悪くはないんだけど、ほかの曲が良くできてるもんで、辛口になる。
例えばロックワイルダー風のデジタルサウンドで言えば、キース・マリィを迎えた「Errbody Scream」でしょ。
ユニゾンするフックは遅めに抑えたダウンビート、そこから「Everybody Scream!」の号砲とともにそれぞれのヴァースは一気にテンポアップ!
遅→速→遅→速、メンフィス・ブリークの「Do My」とかその辺に通ずる全盛期のバキバキデジタルビートにテンション上がる。
キース・マリィのラップは相変わらずキレがあるわ。
メスレッド+αのマイクリレーは軸がしっかりしてるからどれも面白くって、ギターにドラムス、いなたいファンクサウンドが行進するようにバタバタと鳴る「How Bout Dat」なんかにぎやかで楽しい。
レッドマンはレディー・ロック、メスはストリートライフと、それぞれお抱えの愛弟子を従えてて、このユニットはよくあるんだけど、先輩・同僚(エリックとか、ウー一軍の誰かとか)とやるときより肩の力が抜けてて良かったりする。
これまたご無沙汰な感のあるビンクによる、男のワンループ、BPM速めな攻めのファンクナンバー、「Four Minutes To Lock Down」にはレイクォンとゴーストフェイスが参加。
この4人の組み合わせもお馴染みだし、ラップ巧者で個性派が凌ぎを削るマイクリレーが悪くなるわけがない。
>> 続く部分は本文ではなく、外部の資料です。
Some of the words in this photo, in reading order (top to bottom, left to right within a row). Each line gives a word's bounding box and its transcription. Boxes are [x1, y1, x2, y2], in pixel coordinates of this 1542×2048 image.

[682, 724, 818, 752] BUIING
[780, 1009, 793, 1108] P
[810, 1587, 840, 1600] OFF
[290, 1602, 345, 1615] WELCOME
出色なのはやっぱり、先行で話題をさらった「A-Yo」
ピートロックの温かみのあるソウルフルなトラックに、遊びのあるラップを交互に聴かせてくれるメスレッド。
これだけで涙モノなのに、ソクラティーズのフックがまた、泣きの節なんだよなあ。
エーヨ、エーヨエーヨ(って関西弁で許されてる感じがいいのかも)。


UGKのバンBのチャブロックばりの低音ヴォイスがいいアクセントになってる「City Lights」もいいねえ。
2人とも恵まれた声質が唯一無二のラップを支えていると思うけど、メスもレッドマンも基本はベーシックなライミング。
だから速いのも遅いのも余裕で乗りこなすんだよね。
で、なんとなくヒット曲にはミッドテンポ、もしくは速めのが多いけど、こういうどっぷり重めのサウスっぽいトラックにも絶対ハマると思ってた。
レッドマンの抜けの良い高音、メスのハスキーなフリーキーフロウ、どちらも音圧にかすまない存在感があるし。
激重なオープニングナンバー、「I'm Dope Nigga」でもそこら辺は証明されている。
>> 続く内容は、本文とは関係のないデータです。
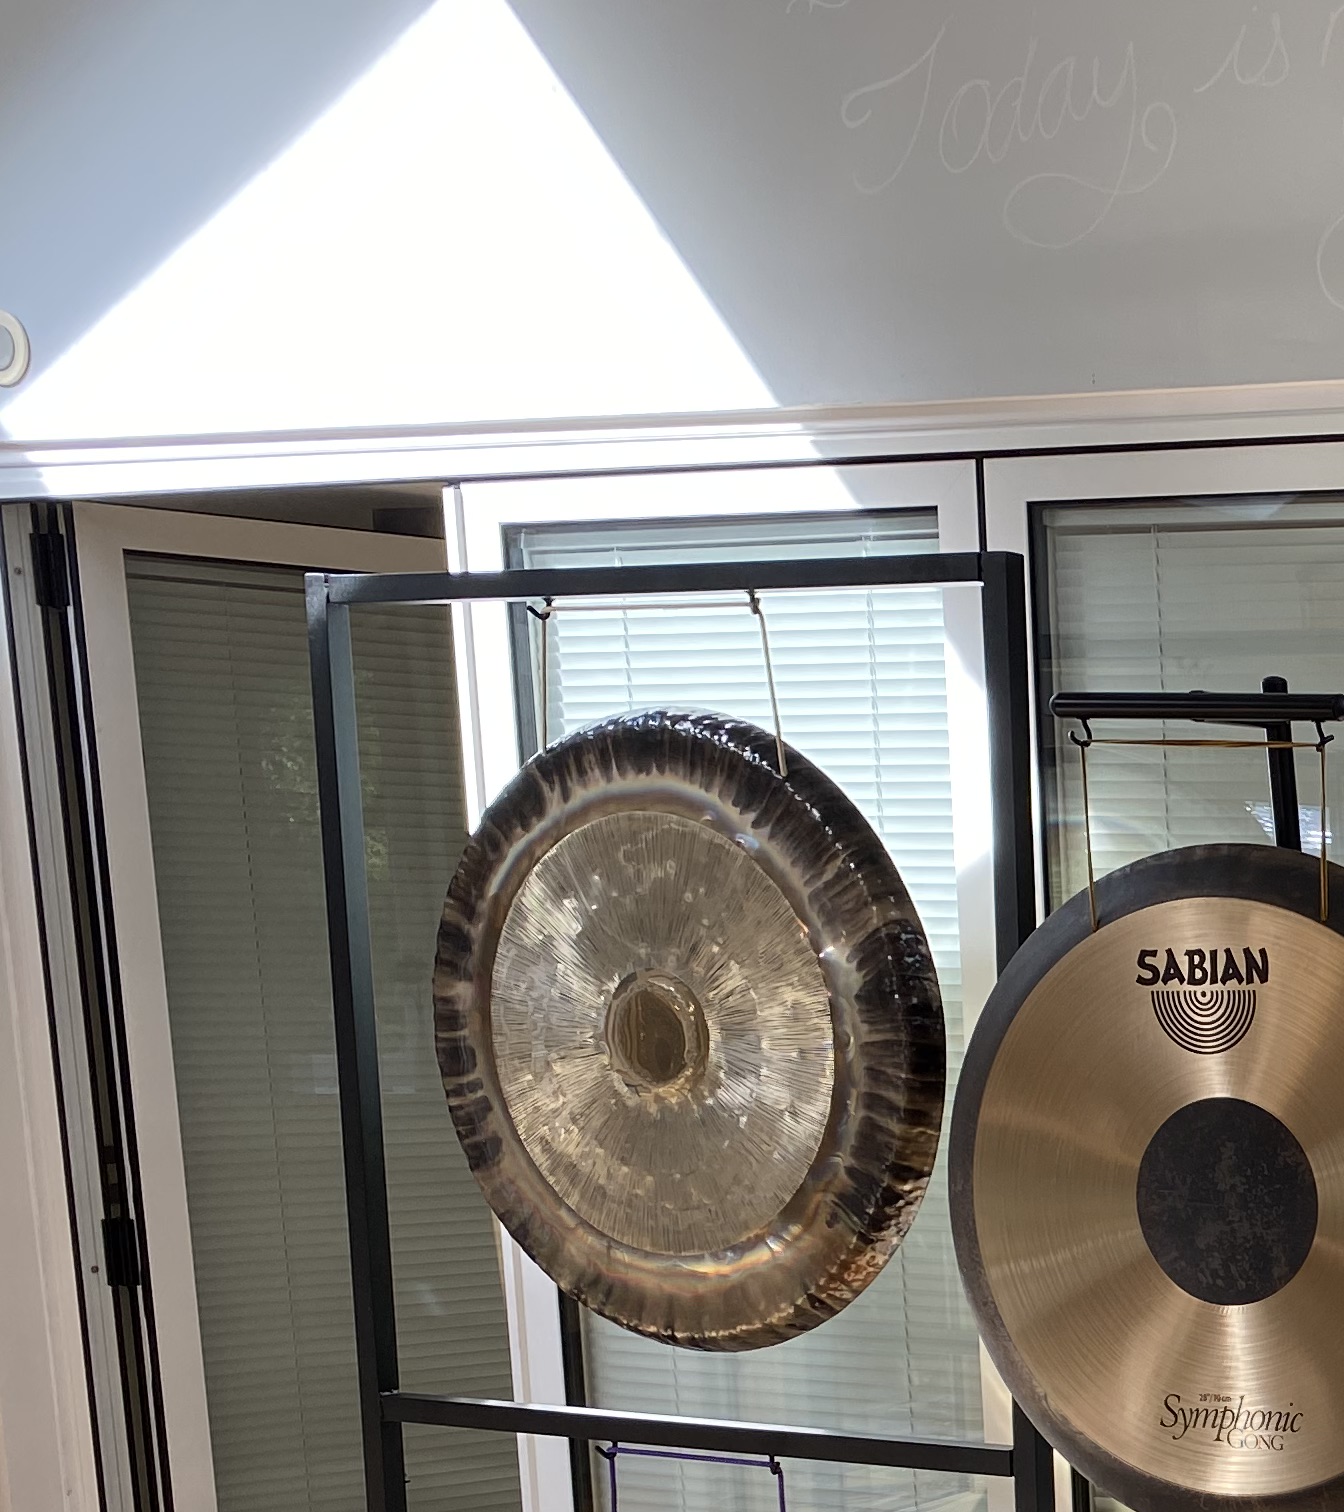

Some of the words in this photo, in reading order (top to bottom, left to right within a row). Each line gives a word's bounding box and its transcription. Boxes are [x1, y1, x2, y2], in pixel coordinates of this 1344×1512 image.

[840, 14, 1177, 249] Today
[1193, 4, 1290, 93] is
[1136, 946, 1269, 987] SABIAN
[1160, 1392, 1304, 1442] Symphonic
[1226, 1427, 1284, 1451] GONG
ファンク番長、エリック・サーモンのスムースな「Mrs International」はさすがの安定感。
レッドマンのアルバムでいう「Superman Lover」シリーズにあたるしっとり系で、いい箸休め。
この仕上がりを聴くと、ウーチームからもRZAに1曲、作って欲しかったなあ、と思わざるを得ない。
っと思ったら「Mrs International」はバックワイルドビーツなのね。

欲を言えばキリがないが、深いこと考えずとも楽しめる、らしいアルバム。
2人のラップを聴けばにやける、やってる彼らが楽しんでるのが伝わってくる。
引き出しの多さは変わらないし、待ってましたな音と相俟って、正直真新しさはない。
でもこのコンビにそんなの必要ないよね。
いつまでも、歳相応なんかにならずに、らしくあってほしい。